▸ **MATERIAL SUPPLIED**:
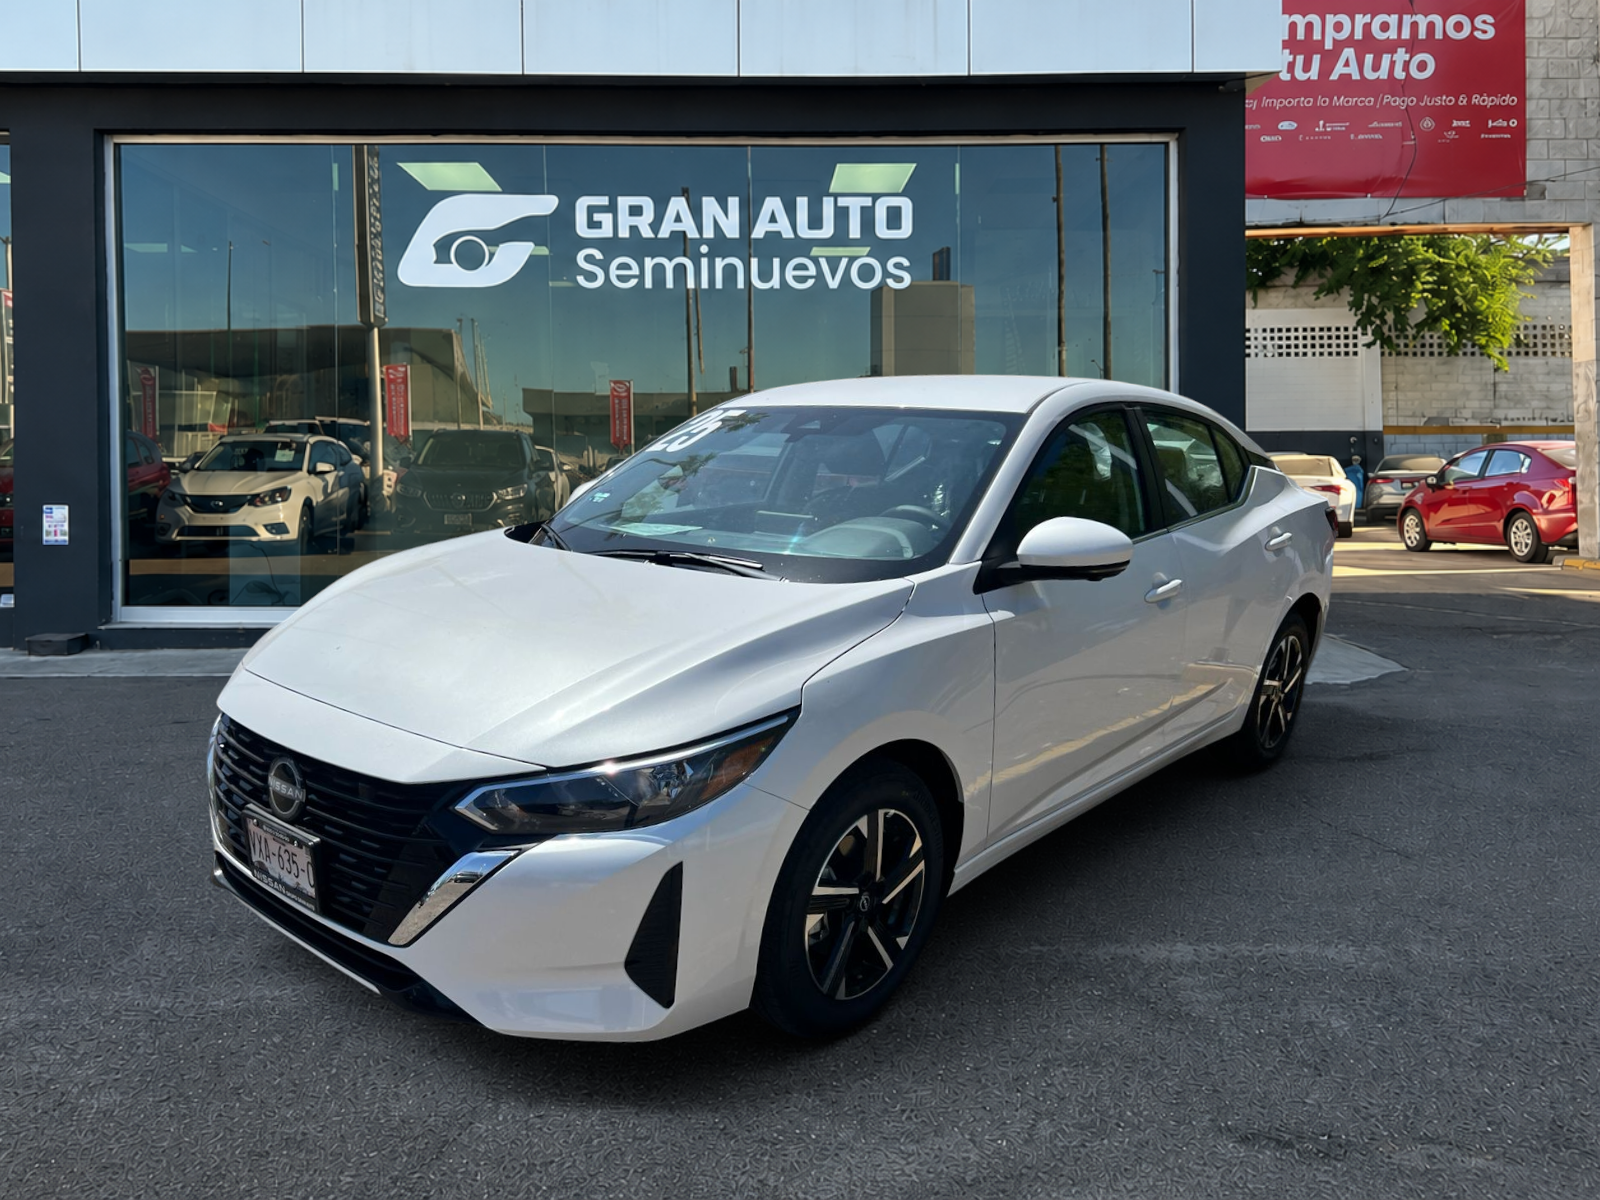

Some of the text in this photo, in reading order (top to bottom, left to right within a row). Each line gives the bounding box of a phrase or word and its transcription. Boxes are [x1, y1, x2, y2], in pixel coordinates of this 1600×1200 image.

[1279, 47, 1436, 81] tu Auto
[1261, 95, 1314, 110] Importa
[1332, 95, 1374, 107] Marca
[1419, 94, 1456, 107] Justo
[1457, 94, 1468, 106] &
[575, 195, 914, 239] GRAN AUTO
[575, 245, 913, 291] Seminuevos
[253, 869, 286, 894] NISSAN
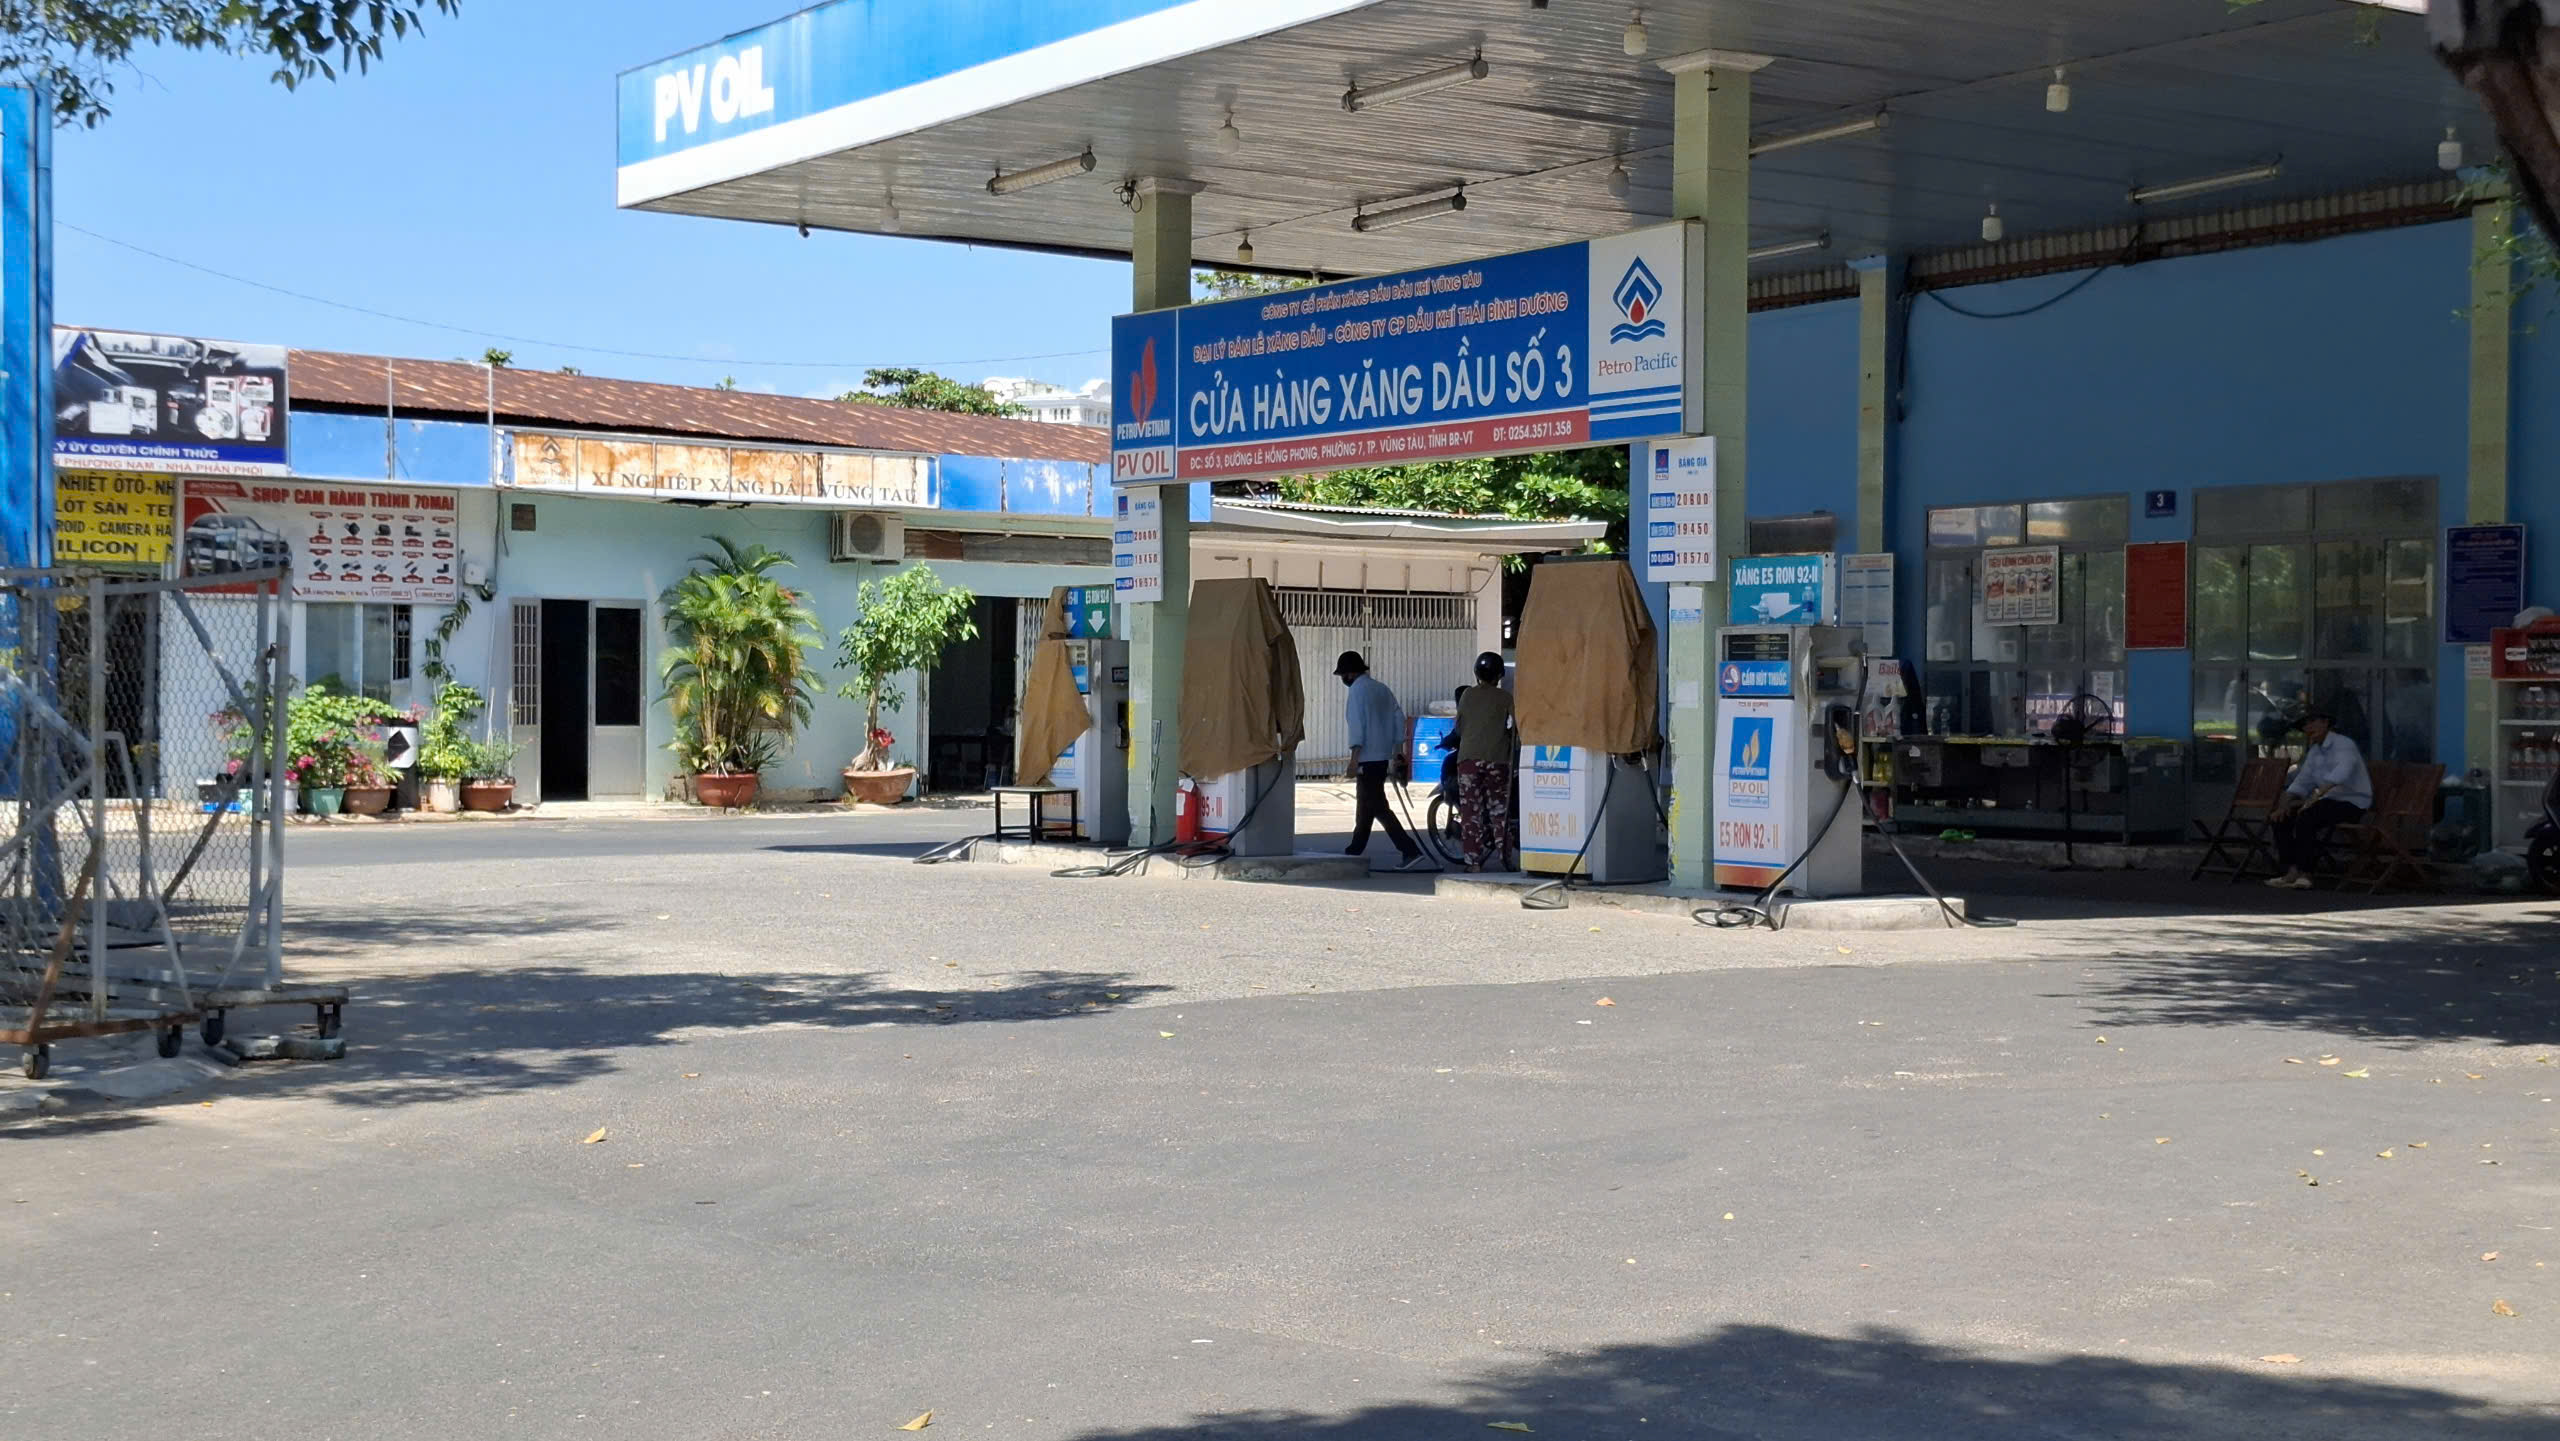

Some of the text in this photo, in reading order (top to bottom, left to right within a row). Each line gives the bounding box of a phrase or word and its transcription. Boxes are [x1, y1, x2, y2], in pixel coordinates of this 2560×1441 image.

[655, 46, 774, 142] PV OIL
[1261, 303, 1288, 320] CÔNG
[1289, 301, 1300, 317] TY
[1414, 277, 1431, 296] KHÍ
[1431, 275, 1461, 294] VŨNG
[1228, 335, 1250, 358] BÁN
[1335, 320, 1371, 344] CÔNG
[1371, 319, 1386, 339] TY
[1388, 316, 1406, 336] CP
[1435, 303, 1457, 329] KHÍ
[1457, 300, 1486, 326] THÁI
[1487, 297, 1517, 322] BÌNH
[1519, 291, 1569, 318] DƯƠNG
[1598, 352, 1678, 377] Petro Pacific
[1190, 327, 1573, 437] CỬA HÀNG XĂNG DẦU SỐ 3
[1117, 419, 1170, 440] PETROVIETNAM
[1493, 420, 1572, 442] ĐT: 0254.3571.358
[139, 445, 180, 457] CHÍNH
[182, 447, 219, 459] THỨC
[1204, 451, 1215, 469] SỐ
[1216, 456, 1223, 470] 3,
[1224, 449, 1252, 468] ĐƯỜNG
[1254, 448, 1263, 465] LÊ
[1264, 445, 1288, 463] HỒNG
[1321, 440, 1356, 458] PHƯỜNG
[1379, 435, 1405, 453] VŨNG
[1428, 429, 1447, 448] TỈNH
[1449, 430, 1474, 446] BR-VT
[127, 459, 155, 470] NAM
[1117, 450, 1169, 477] PV OIL
[59, 472, 107, 495] NHIỆT
[93, 498, 128, 516] SÀN
[252, 486, 290, 503] SHOP
[294, 488, 324, 505] CAM
[329, 488, 366, 507] HÀNH
[370, 490, 410, 508] TRÌNH
[414, 494, 454, 511] 70MAI
[2156, 493, 2164, 507] 3
[99, 521, 152, 536] CAMERA
[1677, 522, 1708, 535] 19450
[1677, 552, 1709, 564] 18570
[1761, 567, 1774, 584] E5
[1775, 566, 1795, 584] RON
[1536, 775, 1568, 786] PV OIL
[1732, 782, 1765, 794] PV OIL
[1528, 812, 1546, 836] RON
[1548, 812, 1560, 837] 95
[1568, 813, 1577, 837] III
[1719, 821, 1731, 847] E5
[1733, 822, 1750, 849] RON
[1753, 823, 1764, 849] 92

▸ **WHAT YOU WILL DO**:
Exactly as they stand, the entries must be written out again, pictures excluded.

▸ **ANSWER SPACE**:
Some of the text in this photo, in reading order (top to bottom, left to right within a row). Each line gives the bounding box of a phrase or word and its transcription. Boxes are [x1, y1, x2, y2], in pixel coordinates of this 1600×1200 image.

[1279, 47, 1436, 81] tu Auto
[1261, 95, 1314, 110] Importa
[1332, 95, 1374, 107] Marca
[1419, 94, 1456, 107] Justo
[1457, 94, 1468, 106] &
[575, 195, 914, 239] GRAN AUTO
[575, 245, 913, 291] Seminuevos
[253, 869, 286, 894] NISSAN

Some of the text in this photo, in reading order (top to bottom, left to right within a row). Each line gives the bounding box of a phrase or word and its transcription. Boxes are [x1, y1, x2, y2], in pixel coordinates of this 2560×1441 image.

[655, 46, 774, 142] PV OIL
[1261, 303, 1288, 320] CÔNG
[1289, 301, 1300, 317] TY
[1414, 277, 1431, 296] KHÍ
[1431, 275, 1461, 294] VŨNG
[1228, 335, 1250, 358] BÁN
[1335, 320, 1371, 344] CÔNG
[1371, 319, 1386, 339] TY
[1388, 316, 1406, 336] CP
[1435, 303, 1457, 329] KHÍ
[1457, 300, 1486, 326] THÁI
[1487, 297, 1517, 322] BÌNH
[1519, 291, 1569, 318] DƯƠNG
[1598, 352, 1678, 377] Petro Pacific
[1190, 327, 1573, 437] CỬA HÀNG XĂNG DẦU SỐ 3
[1117, 419, 1170, 440] PETROVIETNAM
[1493, 420, 1572, 442] ĐT: 0254.3571.358
[139, 445, 180, 457] CHÍNH
[182, 447, 219, 459] THỨC
[1204, 451, 1215, 469] SỐ
[1216, 456, 1223, 470] 3,
[1224, 449, 1252, 468] ĐƯỜNG
[1254, 448, 1263, 465] LÊ
[1264, 445, 1288, 463] HỒNG
[1321, 440, 1356, 458] PHƯỜNG
[1379, 435, 1405, 453] VŨNG
[1428, 429, 1447, 448] TỈNH
[1449, 430, 1474, 446] BR-VT
[127, 459, 155, 470] NAM
[1117, 450, 1169, 477] PV OIL
[59, 472, 107, 495] NHIỆT
[93, 498, 128, 516] SÀN
[252, 486, 290, 503] SHOP
[294, 488, 324, 505] CAM
[329, 488, 366, 507] HÀNH
[370, 490, 410, 508] TRÌNH
[414, 494, 454, 511] 70MAI
[2156, 493, 2164, 507] 3
[99, 521, 152, 536] CAMERA
[1677, 522, 1708, 535] 19450
[1677, 552, 1709, 564] 18570
[1761, 567, 1774, 584] E5
[1775, 566, 1795, 584] RON
[1536, 775, 1568, 786] PV OIL
[1732, 782, 1765, 794] PV OIL
[1528, 812, 1546, 836] RON
[1548, 812, 1560, 837] 95
[1568, 813, 1577, 837] III
[1719, 821, 1731, 847] E5
[1733, 822, 1750, 849] RON
[1753, 823, 1764, 849] 92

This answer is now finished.